-- Supplied entries follows --
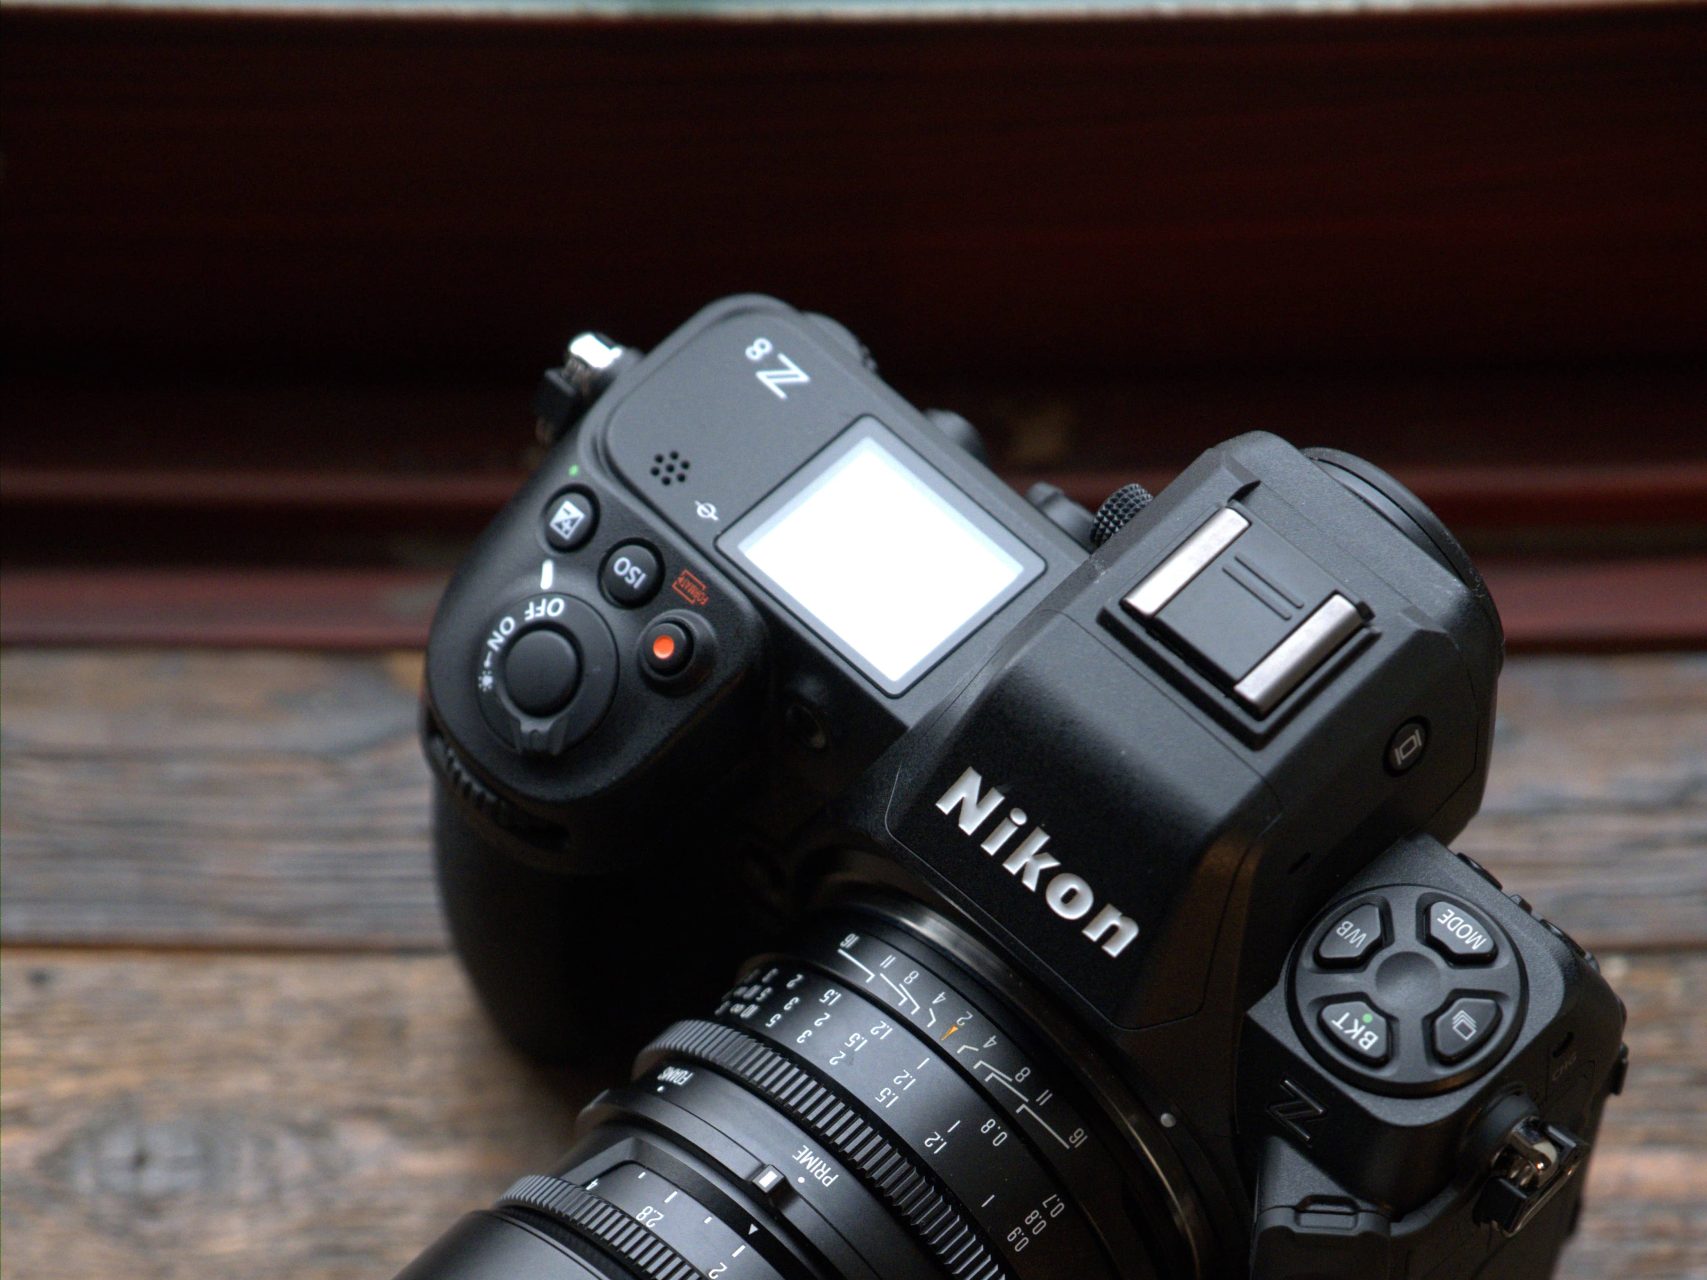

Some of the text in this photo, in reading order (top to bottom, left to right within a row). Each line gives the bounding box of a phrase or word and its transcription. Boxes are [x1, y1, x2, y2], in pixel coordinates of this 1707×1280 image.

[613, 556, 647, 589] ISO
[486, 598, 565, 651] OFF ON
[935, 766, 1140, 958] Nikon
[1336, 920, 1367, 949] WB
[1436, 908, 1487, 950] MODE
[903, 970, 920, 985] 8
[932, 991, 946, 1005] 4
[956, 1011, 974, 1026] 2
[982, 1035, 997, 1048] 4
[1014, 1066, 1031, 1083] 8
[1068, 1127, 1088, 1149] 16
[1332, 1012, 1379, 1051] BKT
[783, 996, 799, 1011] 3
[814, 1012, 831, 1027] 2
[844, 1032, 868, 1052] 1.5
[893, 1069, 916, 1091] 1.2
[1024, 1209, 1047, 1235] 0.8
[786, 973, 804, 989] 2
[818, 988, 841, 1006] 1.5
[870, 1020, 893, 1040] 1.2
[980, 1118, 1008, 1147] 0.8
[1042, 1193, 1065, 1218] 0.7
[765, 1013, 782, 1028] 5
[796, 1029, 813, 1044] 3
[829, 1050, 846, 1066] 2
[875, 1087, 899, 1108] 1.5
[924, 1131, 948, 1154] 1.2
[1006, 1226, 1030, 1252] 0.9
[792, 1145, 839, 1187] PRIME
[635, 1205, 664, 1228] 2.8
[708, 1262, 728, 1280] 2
-- Supplied entries concluded --
**What the task asks**: Write out each entry exactly as given, omitting any picture.

**Solution for this exercise**:
Some of the text in this photo, in reading order (top to bottom, left to right within a row). Each line gives the bounding box of a phrase or word and its transcription. Boxes are [x1, y1, x2, y2], in pixel coordinates of this 1707×1280 image.

[613, 556, 647, 589] ISO
[486, 598, 565, 651] OFF ON
[935, 766, 1140, 958] Nikon
[1336, 920, 1367, 949] WB
[1436, 908, 1487, 950] MODE
[903, 970, 920, 985] 8
[932, 991, 946, 1005] 4
[956, 1011, 974, 1026] 2
[982, 1035, 997, 1048] 4
[1014, 1066, 1031, 1083] 8
[1068, 1127, 1088, 1149] 16
[1332, 1012, 1379, 1051] BKT
[783, 996, 799, 1011] 3
[814, 1012, 831, 1027] 2
[844, 1032, 868, 1052] 1.5
[893, 1069, 916, 1091] 1.2
[1024, 1209, 1047, 1235] 0.8
[786, 973, 804, 989] 2
[818, 988, 841, 1006] 1.5
[870, 1020, 893, 1040] 1.2
[980, 1118, 1008, 1147] 0.8
[1042, 1193, 1065, 1218] 0.7
[765, 1013, 782, 1028] 5
[796, 1029, 813, 1044] 3
[829, 1050, 846, 1066] 2
[875, 1087, 899, 1108] 1.5
[924, 1131, 948, 1154] 1.2
[1006, 1226, 1030, 1252] 0.9
[792, 1145, 839, 1187] PRIME
[635, 1205, 664, 1228] 2.8
[708, 1262, 728, 1280] 2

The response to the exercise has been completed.